I’ve seen these two sentences in almost exactly this same wording time and time again in recent weeks. Many of us say these words to ourselves, out into the air when we’re alone, in private to God or whomever we may believe in, or in other ways that don’t involve saying this to another person. We believe that saying it to anyone else is to admit we have failed.
I know how much courage it takes to say these words to another person. None of us likes to ask for help. None of us likes to feel that vulnerable with someone else. Society, marketing, all the parenting books, and nearly every message we hear say that we’re supposed to be able to handle everything that comes our way. This has been repeated so many times that everyone just assumes that’s what we’re all expected to be able to do. But that’s just not what’s true for any of us.
When we realize we can’t do it all, we still think everyone else can, so we see ourselves as failures. But we’re not. We’re human, and so is everyone else. We have to stop living this lie that we can all do this without help.
You Can’t Do This Alone
Perhaps it is more the truth to say, “I can’t do this alone. I need help.” You can do amazing things, but none of us are made to do them alone. We are made to work together as families, in trusted friendships, and as communities of support and allies.
This year for us has been an ongoing lesson in how badly we need other people.
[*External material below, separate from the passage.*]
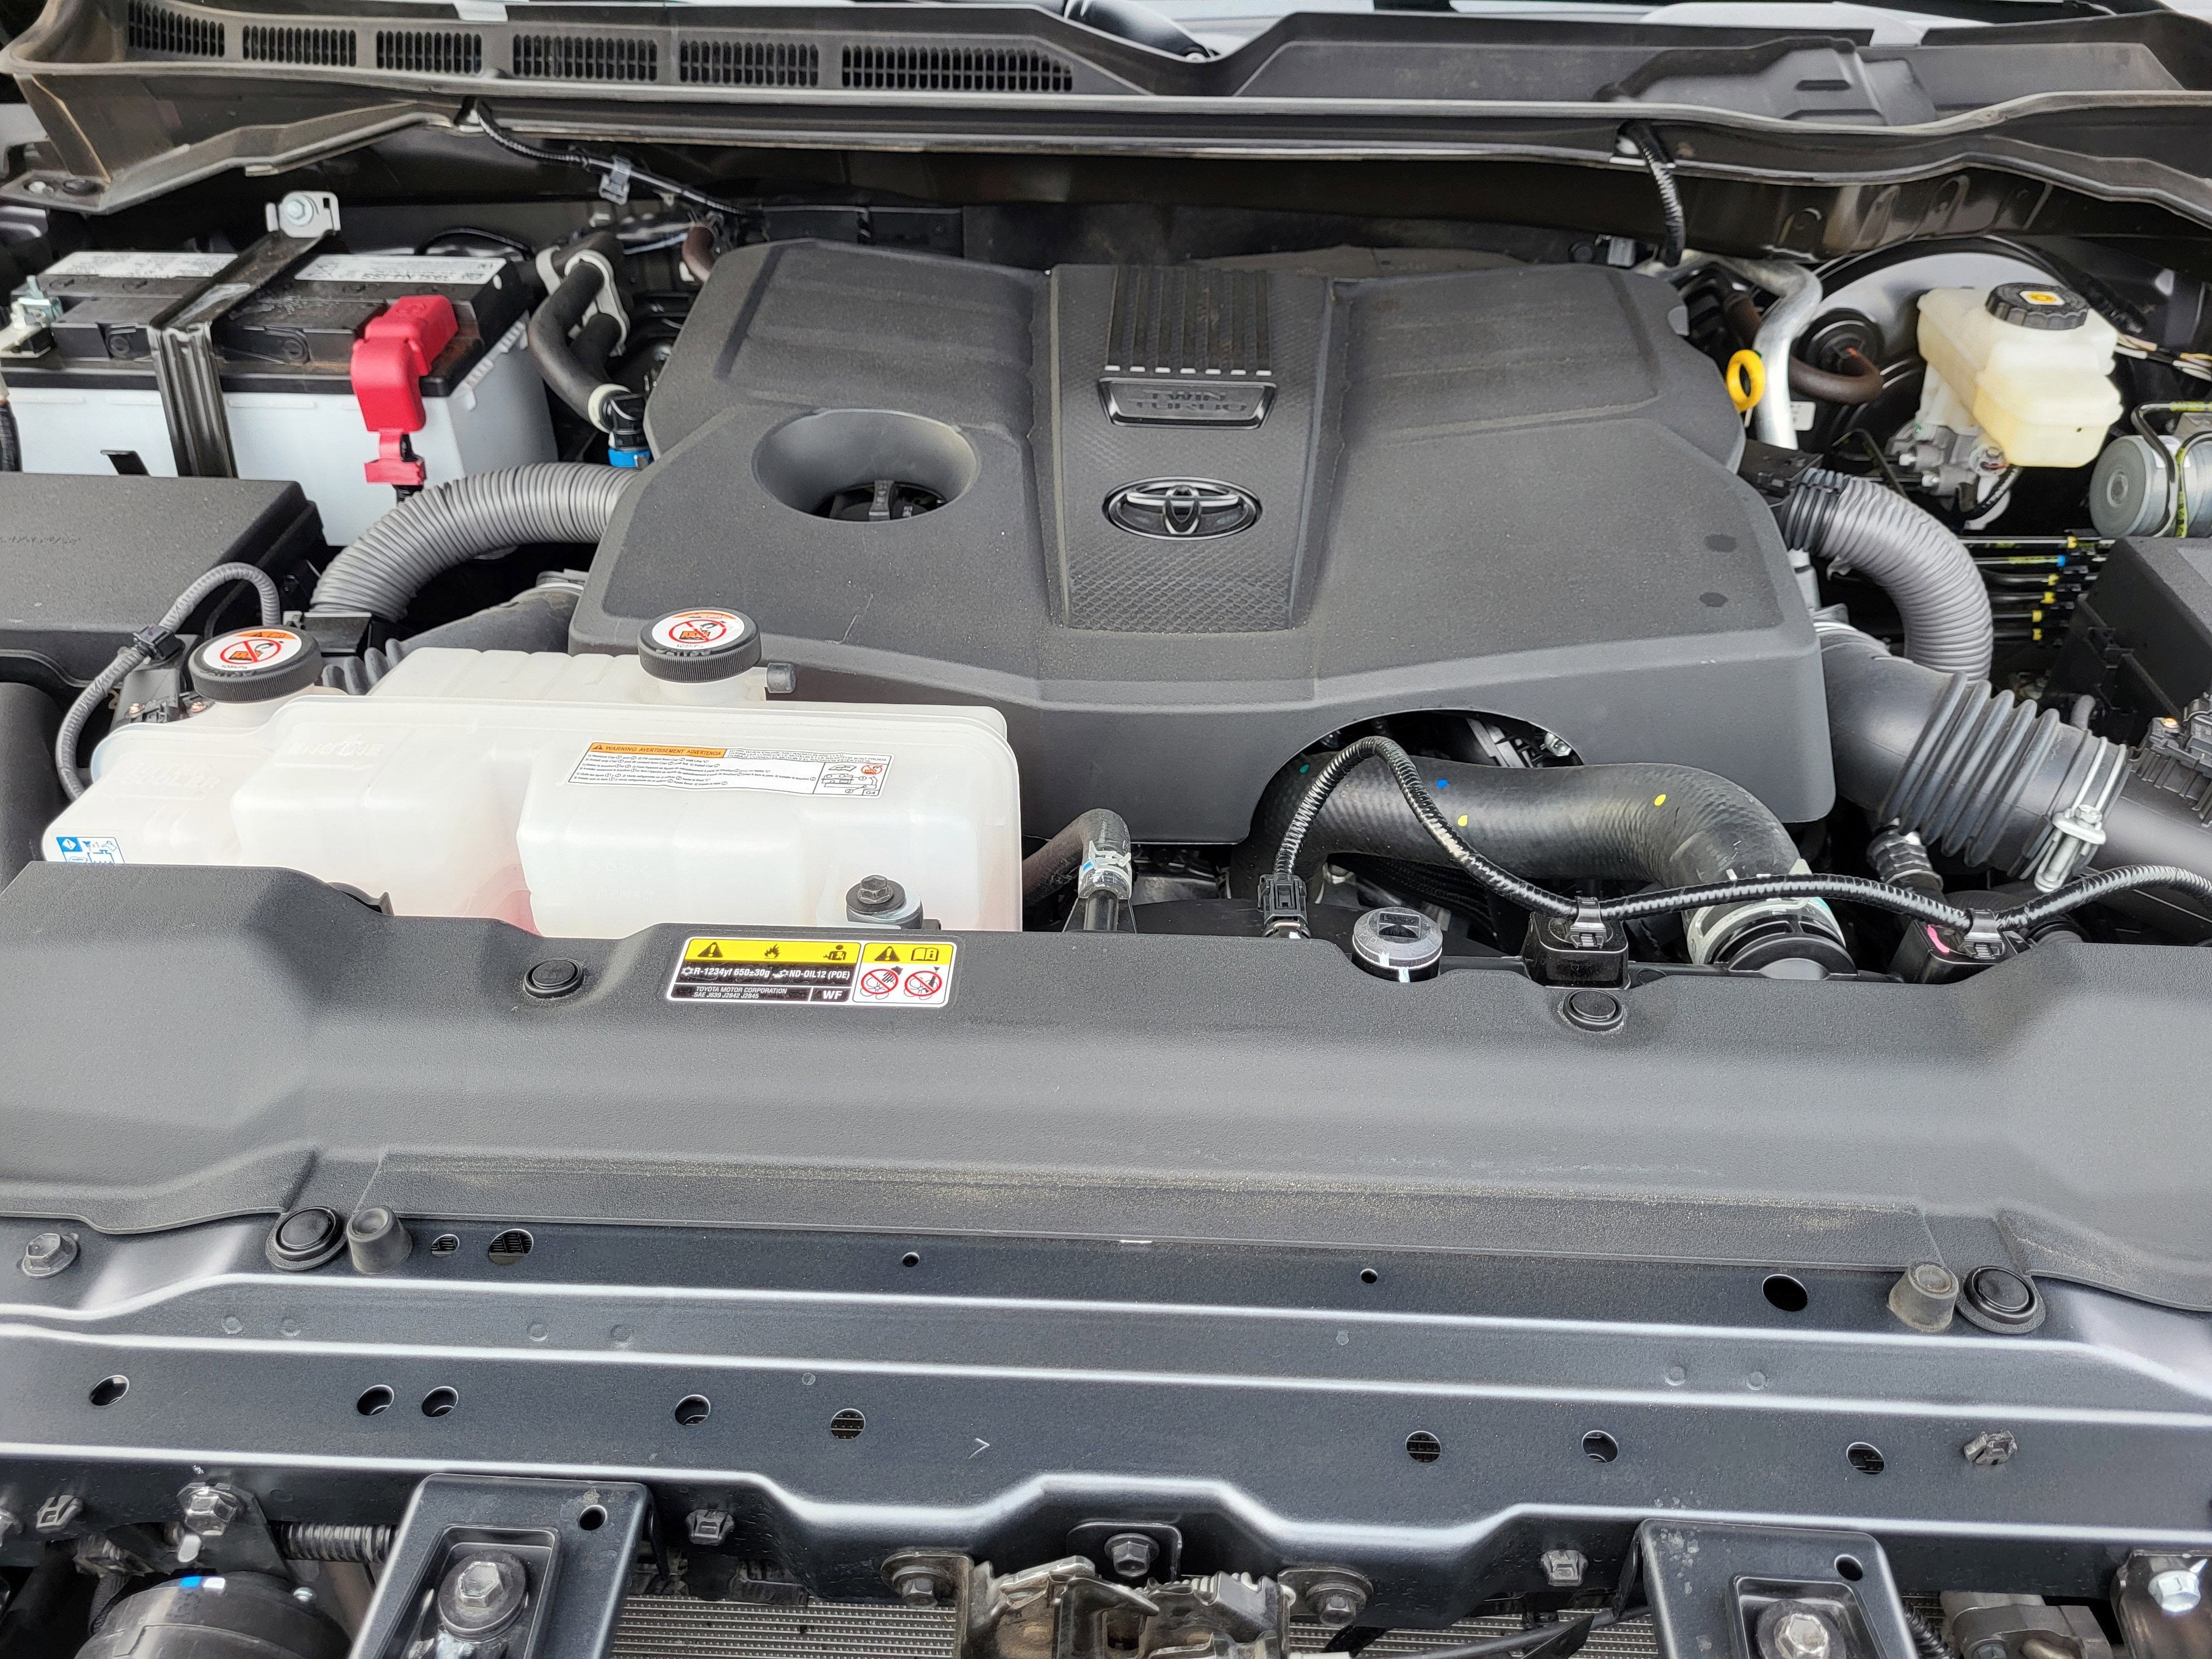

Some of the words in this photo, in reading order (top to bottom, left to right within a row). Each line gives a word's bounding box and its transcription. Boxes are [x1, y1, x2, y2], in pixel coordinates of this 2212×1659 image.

Between our older son’s challenges from autism, our younger son’s battles with cancer, and our own health difficulties as parents, we have often felt powerless in the face of everything we’ve been bombarded with.
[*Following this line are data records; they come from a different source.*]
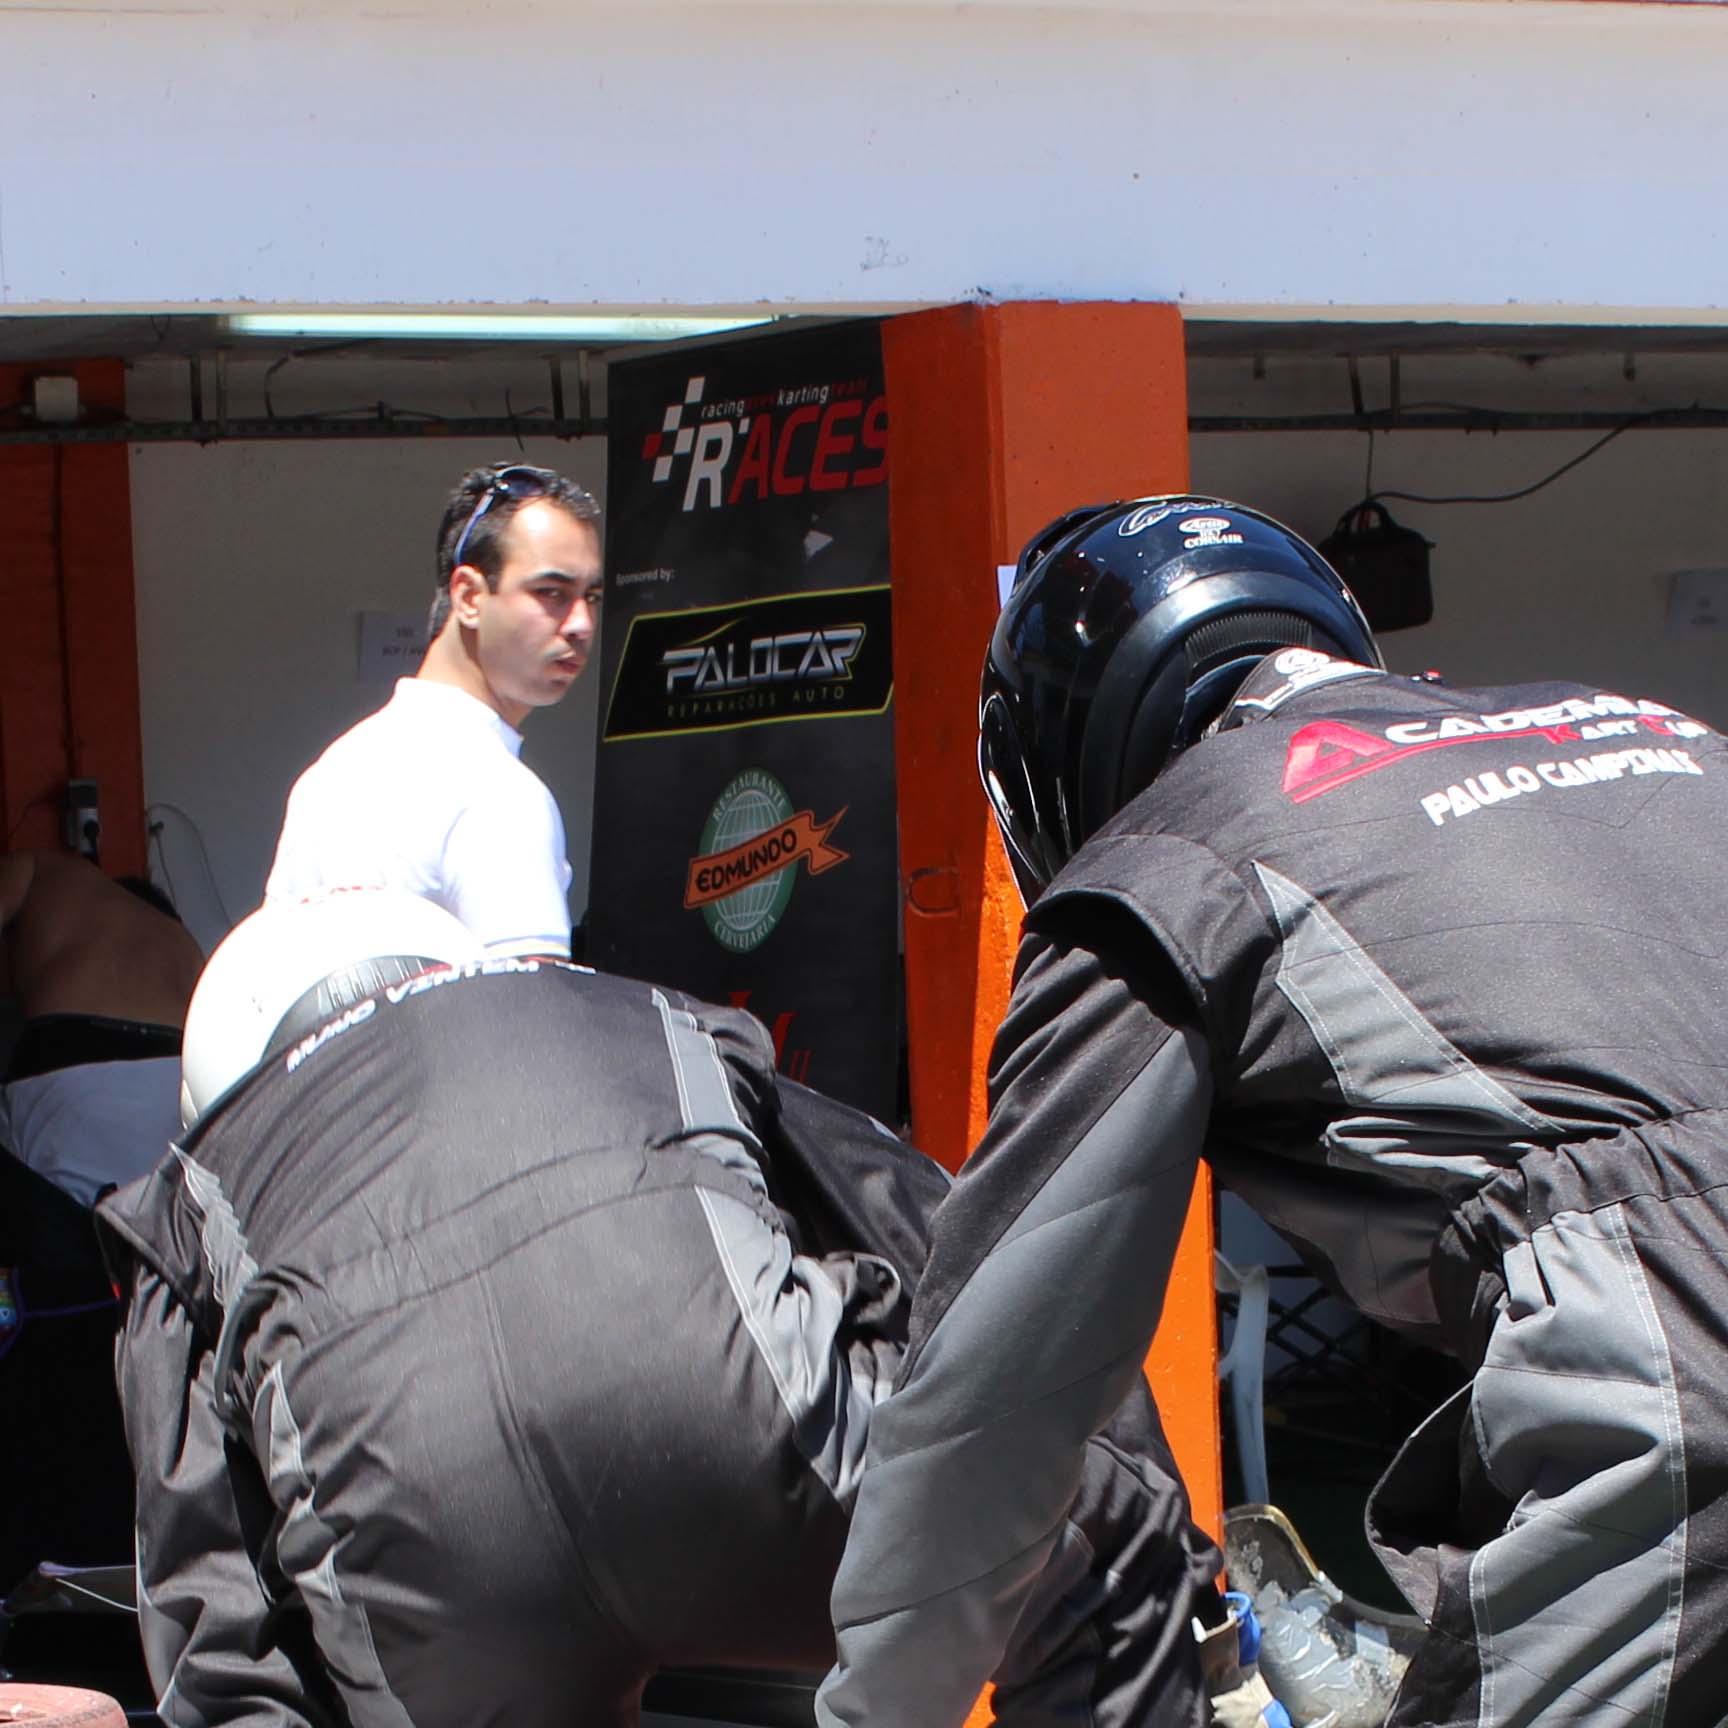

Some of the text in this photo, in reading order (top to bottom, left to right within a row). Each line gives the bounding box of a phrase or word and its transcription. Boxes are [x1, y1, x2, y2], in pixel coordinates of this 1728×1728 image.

[701, 398, 745, 418] racing
[777, 383, 830, 406] karting
[682, 395, 890, 512] RACES
[1420, 763, 1539, 826] PAULO
[696, 829, 797, 892] EDMUNDO
We’ve leaned heavily on family and friends through all this. People we don’t even know have appeared to help us through. It’s given us a whole new perspective on how much people really want to help others.
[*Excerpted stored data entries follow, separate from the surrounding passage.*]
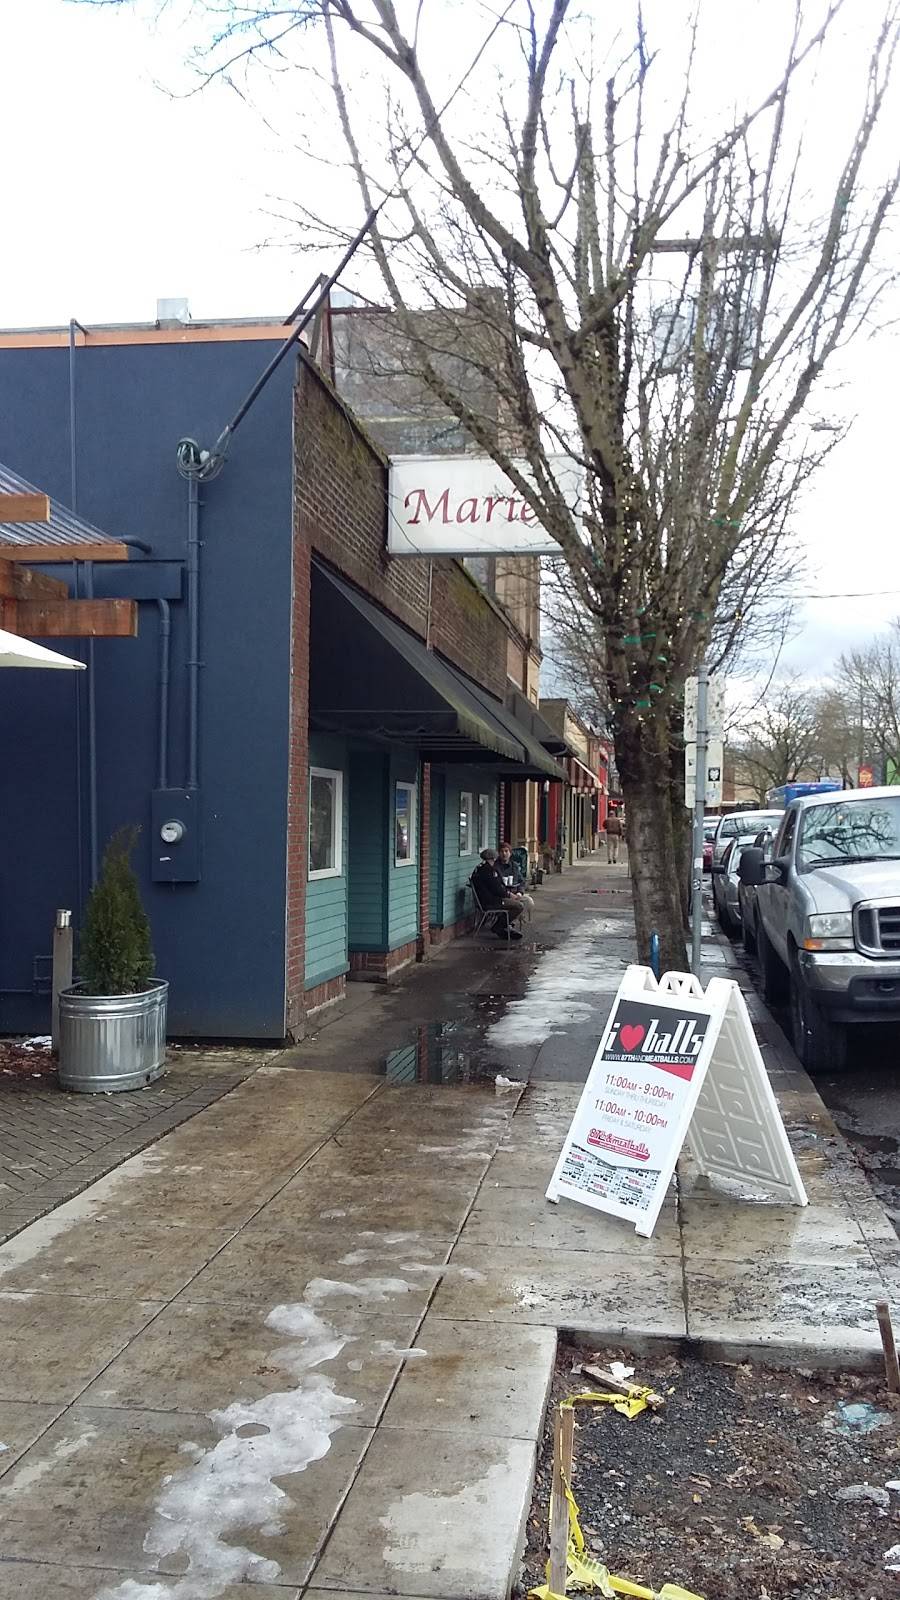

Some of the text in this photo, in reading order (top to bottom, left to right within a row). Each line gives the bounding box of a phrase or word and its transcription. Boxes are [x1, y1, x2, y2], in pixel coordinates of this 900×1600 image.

[605, 1019, 705, 1055] i balls
[605, 1074, 638, 1091] 11:00AM
[643, 1083, 675, 1101] 9:00PM
[594, 1099, 627, 1117] 11:00AM
[633, 1109, 668, 1128] 10:00PM
Accepting As Well As Asking for Help
As hard as learning how to ask for help can be, learning how to accept help is just as hard. For a while as people offered us meals, sent thoughtful cards and messages, and even gave us money, I admit I felt ashamed. I didn’t want us to become a charity case. I felt like I had failed because we couldn’t handle things on our own.
But that was about my own ego. I realized I was tarnishing their gifts to us. They offered because they wanted to help us. I learned that whenever someone offers you help in any form, the first two words out of your mouth should be, “Thank you.” Honor the spirit of their gift with gratitude. Accept it graciously. You can do this both with humility and a grateful heart. There is certainly no shame in accepting such a gift.
Sustain Yourself for the Long Term
We spend a great deal of our time on our children’s needs but rarely enough on finding help and support for ourselves. That would make us better, and healthier, parents, but we often feel that to invest in ourselves is to take something away from our children. We’re all guilty of this. We feel like we are expected to sacrifice ourselves completely, which simply isn’t a sustainable way to live.
Instead focus on building your network of support with family, friends, and other parents. Be willing to spend time and money on getting some one-on-one support for yourself. I know money and time are in short supply for all of us, but I’ve found it to be well-spent when it makes that much of a positive impact on my life.
Build things into your week that support you and help you regroup. Read a book, listen to good music, pray or meditate, sit in silence for as long as you can, talk to someone you trust. Unless death or the loss of your home are imminent, let everything else wait a bit and carve out a little time here and there. It’s the only way to maintain yourself over the long term.
It’s always OK if you need to ask for help with any of this. You will always find people who want to help you and your family in whatever way they can. Trust me. You simply can’t sustain yourself over the long haul if you don’t.
Don’t wait until things start to fall apart. Start wherever you are, right now, and begin reaching out. Sketch out ways you can regroup and recharge and feel supported and sustained. Ask for help starting with people you trust. Practice asking for and receiving help. These are some of the most important things you’ll ever do as a parent.
Please, for your own sake, don’t wait.